Hypertension, or high blood pressure, affects a third of American adults and is one of the primary risk factors for cardiovascular disease.

There are many factors that can lead to high blood pressure, and while sugar consumption can be a controversial topic, it’s important to be aware of the effects it can have on your overall health. Many studies have linked excess added sugar consumption to high blood pressure, obesity, type 2 diabetes, and fatty liver disease.

Environmental and lifestyle factors such as diet and exercise levels can all play a key role in ensuring good metabolic health. Understanding the effects of nutrition in preventing the onset of these conditions.

So, how exactly does sugar impact blood pressure and how much is safe to consume? Read on to find out.

The Impact Sugar Has on Blood Pressure

Studies have shown that blood pressure is closely linked to diet and lifestyle factors. While many factors can play a role, high sugar consumption and excessive sodium intake have both been found to negatively impact blood pressure in healthy adults.

Sugar is a type of carbohydrate that is found naturally in fruit. However, it can also be added into things like fruit juice, soda, sweets, and other snack foods. While both types of sugar can be included in a balanced diet, added sugar is not essential for survival and is often referred to as an “empty carb.”

The American Heart Association recommends no more than six teaspoons of sugar per day for women and nine for men. However, when it comes to blood pressure, it seems that the source of sugar you consume can dictate the effects on your health.

Combined data from over 12 studies illustrates that beverages high in added sugar are associated with an increase in blood pressure. However, sugar from whole food sources such as fruit may not have the same impact.

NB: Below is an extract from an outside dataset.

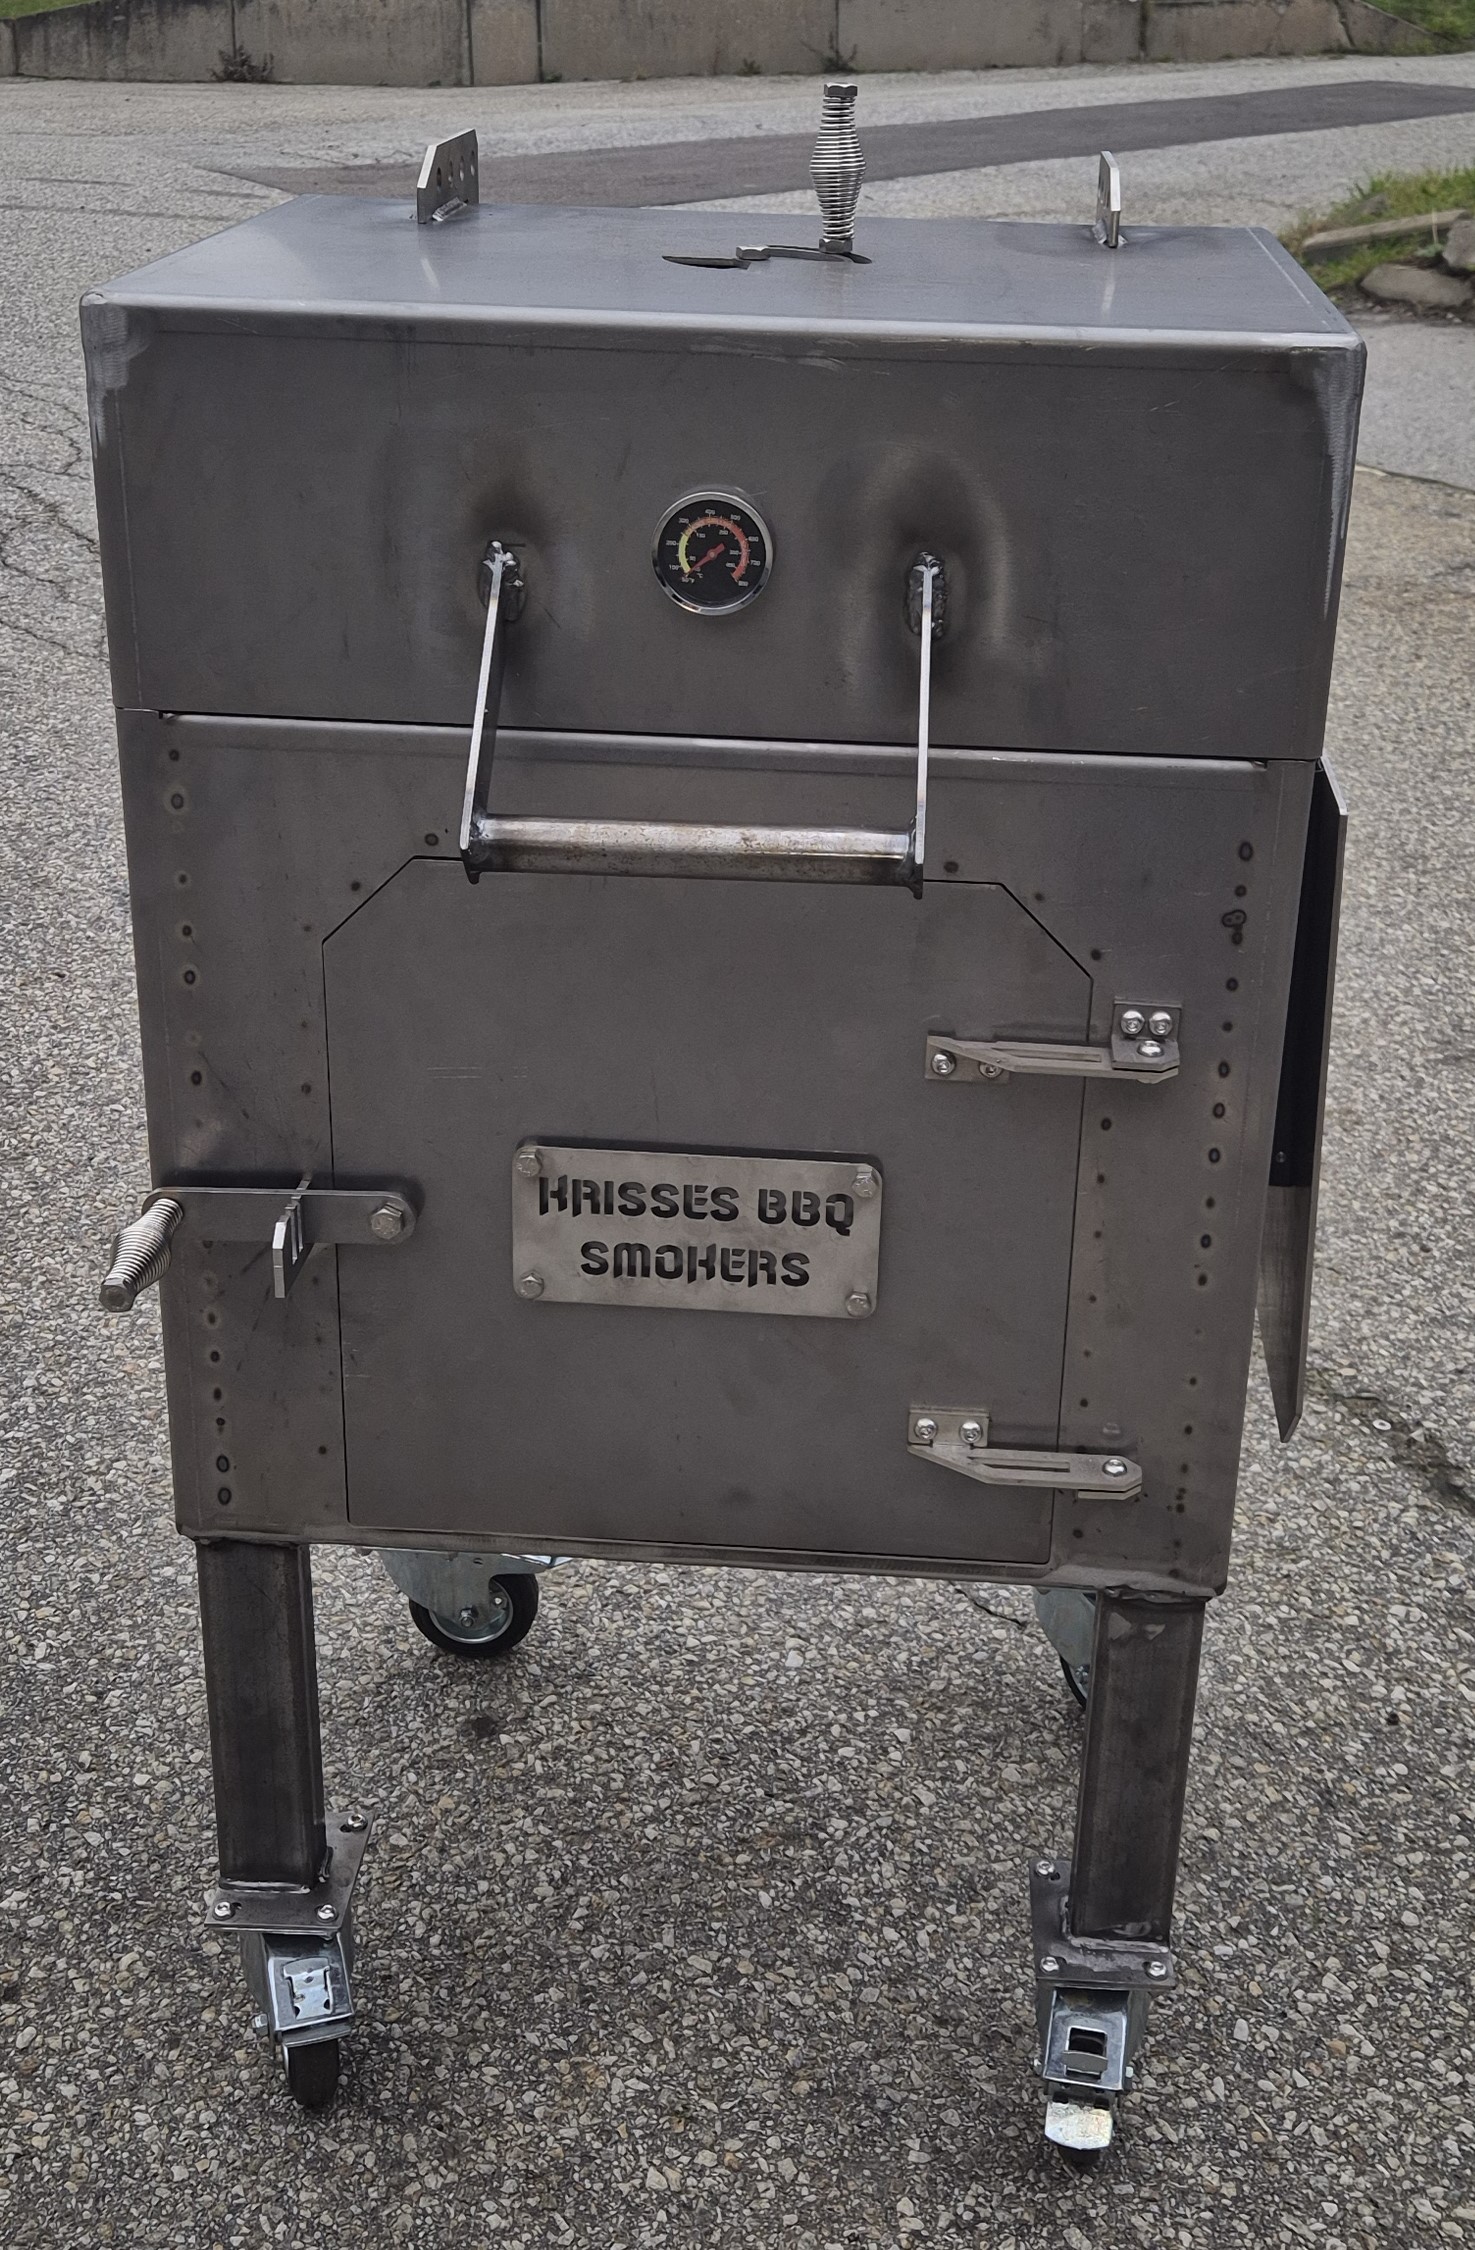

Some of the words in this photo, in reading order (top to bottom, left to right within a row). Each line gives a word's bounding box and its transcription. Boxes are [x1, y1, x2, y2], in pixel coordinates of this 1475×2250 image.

[539, 1175, 739, 1222] KRISSES
[757, 1189, 854, 1236] BBQ
[580, 1241, 810, 1288] SMOKERS
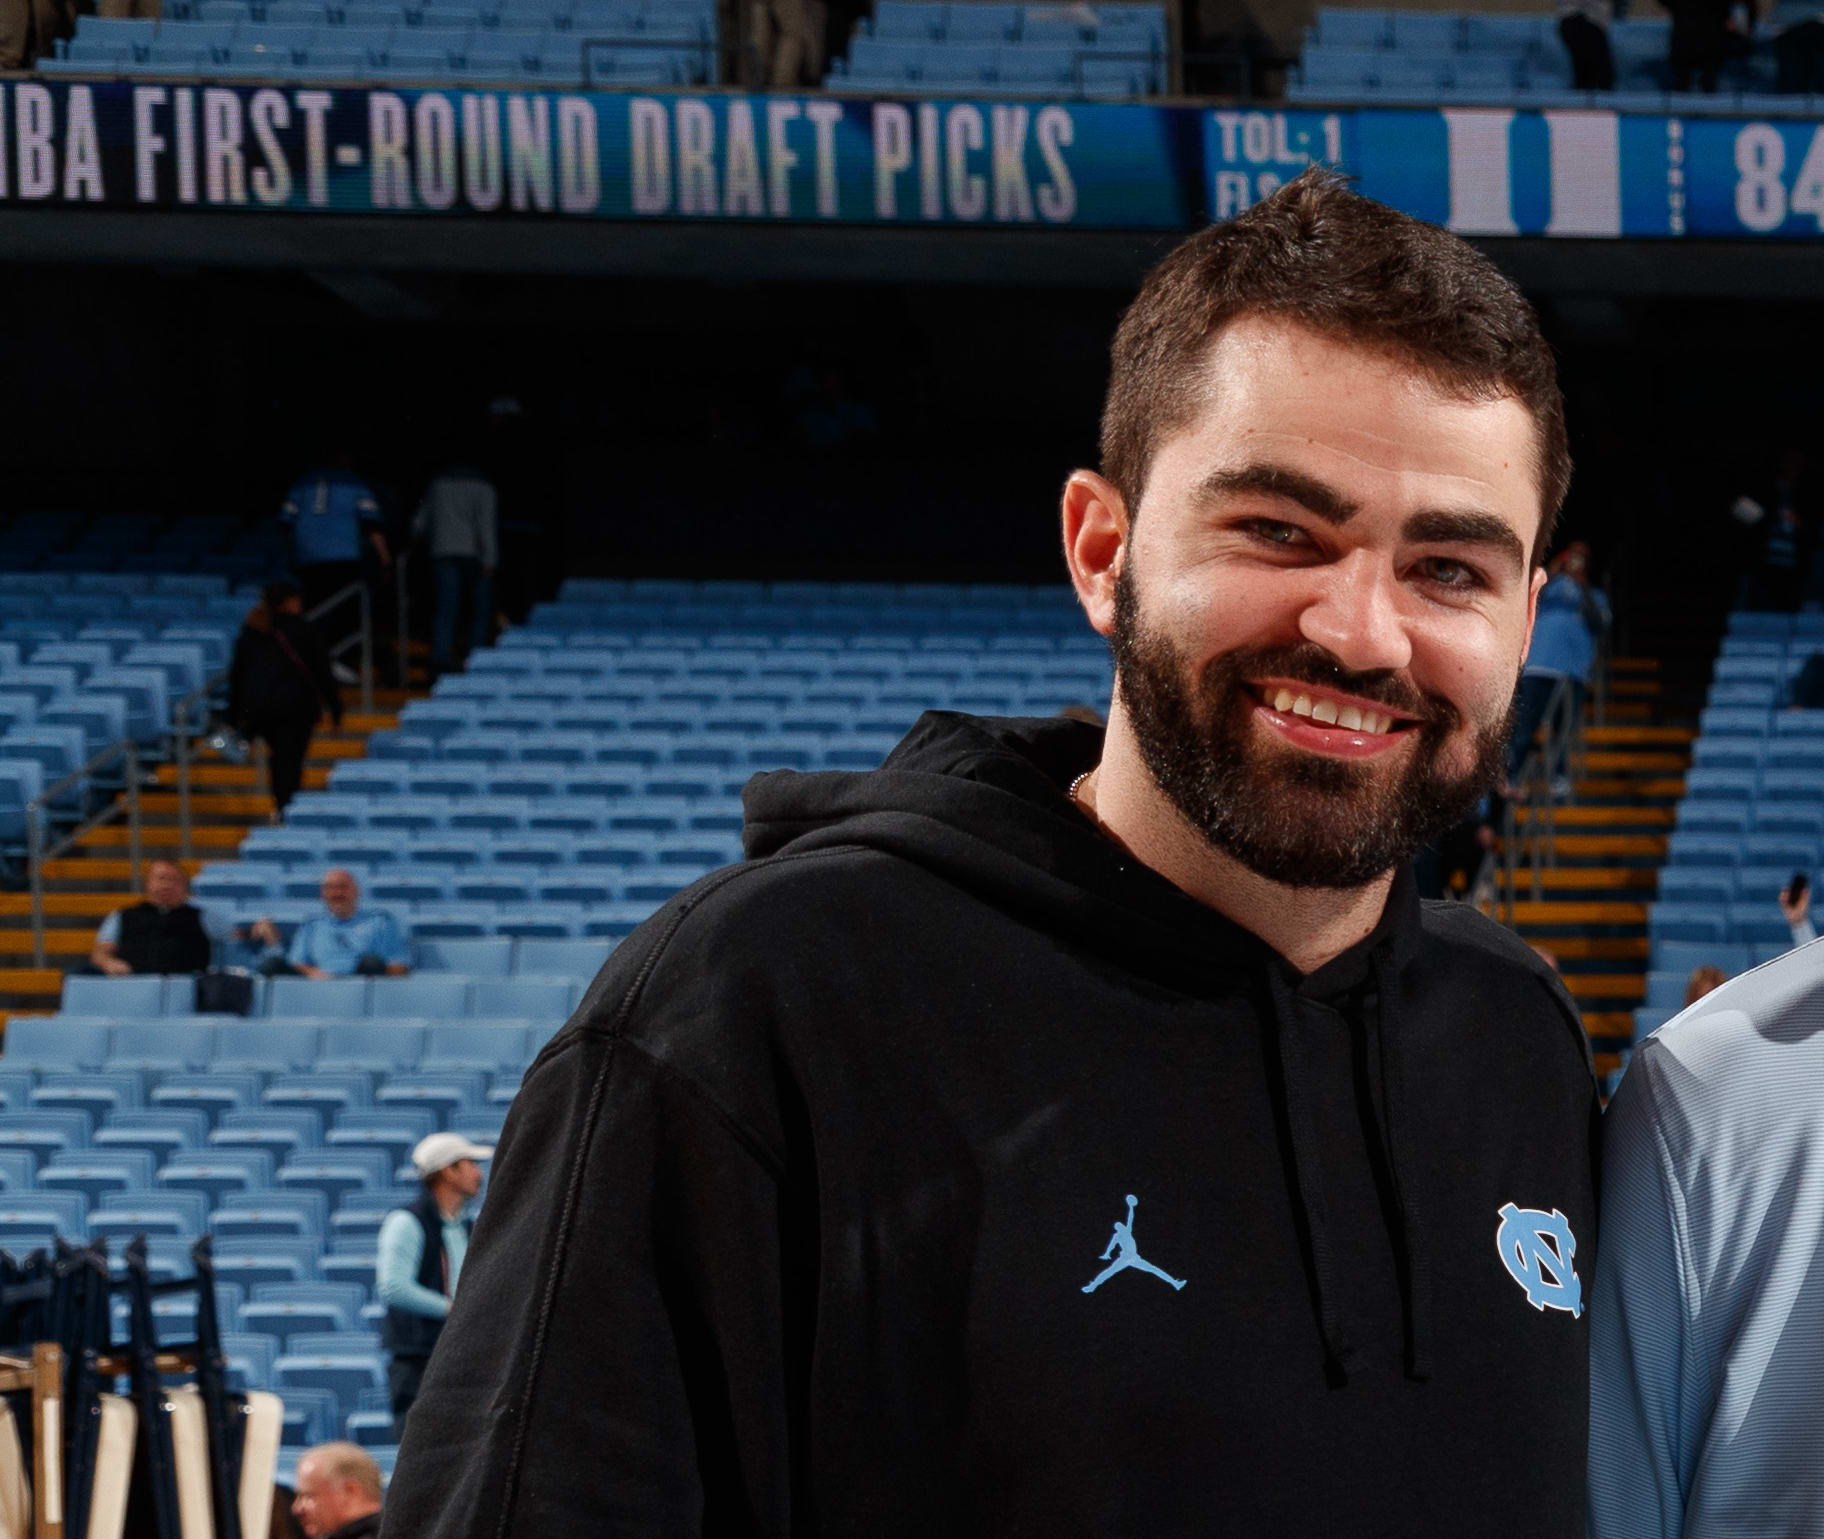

In fact, one study suggested this when the authors found that fruit consumption was associated with lowered (and improved) blood pressure in females. Scientists recommend increasing fruit consumption to support cardiovascular health.

However, since many of these studies were primarily observational, more research is needed to determine causal relationships between fruit consumption and cardiovascular disease.

Other Factors that Raise Blood Pressure

putting salt on a plate of vegetables

Along with sugar consumption, there are other nutritional and lifestyle factors that contribute to high blood pressure. Let’s dig into some of the most common ones and discuss different ways you can decrease your risk of developing this condition.

Eating Too Much Salt

Excessive sodium intake has been linked to high blood pressure in numerous studies. When you consume salt, your body holds onto more fluid, which can naturally increase your blood pressure by increasing the serum volume. As one common expression suggests, “where sodium goes, water follows.

”Though the CDC guidelines recommend less than 2,300 milligrams per day for sodium intake, this recommendation is still debated by scientists, and some have suggested that it is reasonable to instead aim for a target of less than 5,000 milligrams per day.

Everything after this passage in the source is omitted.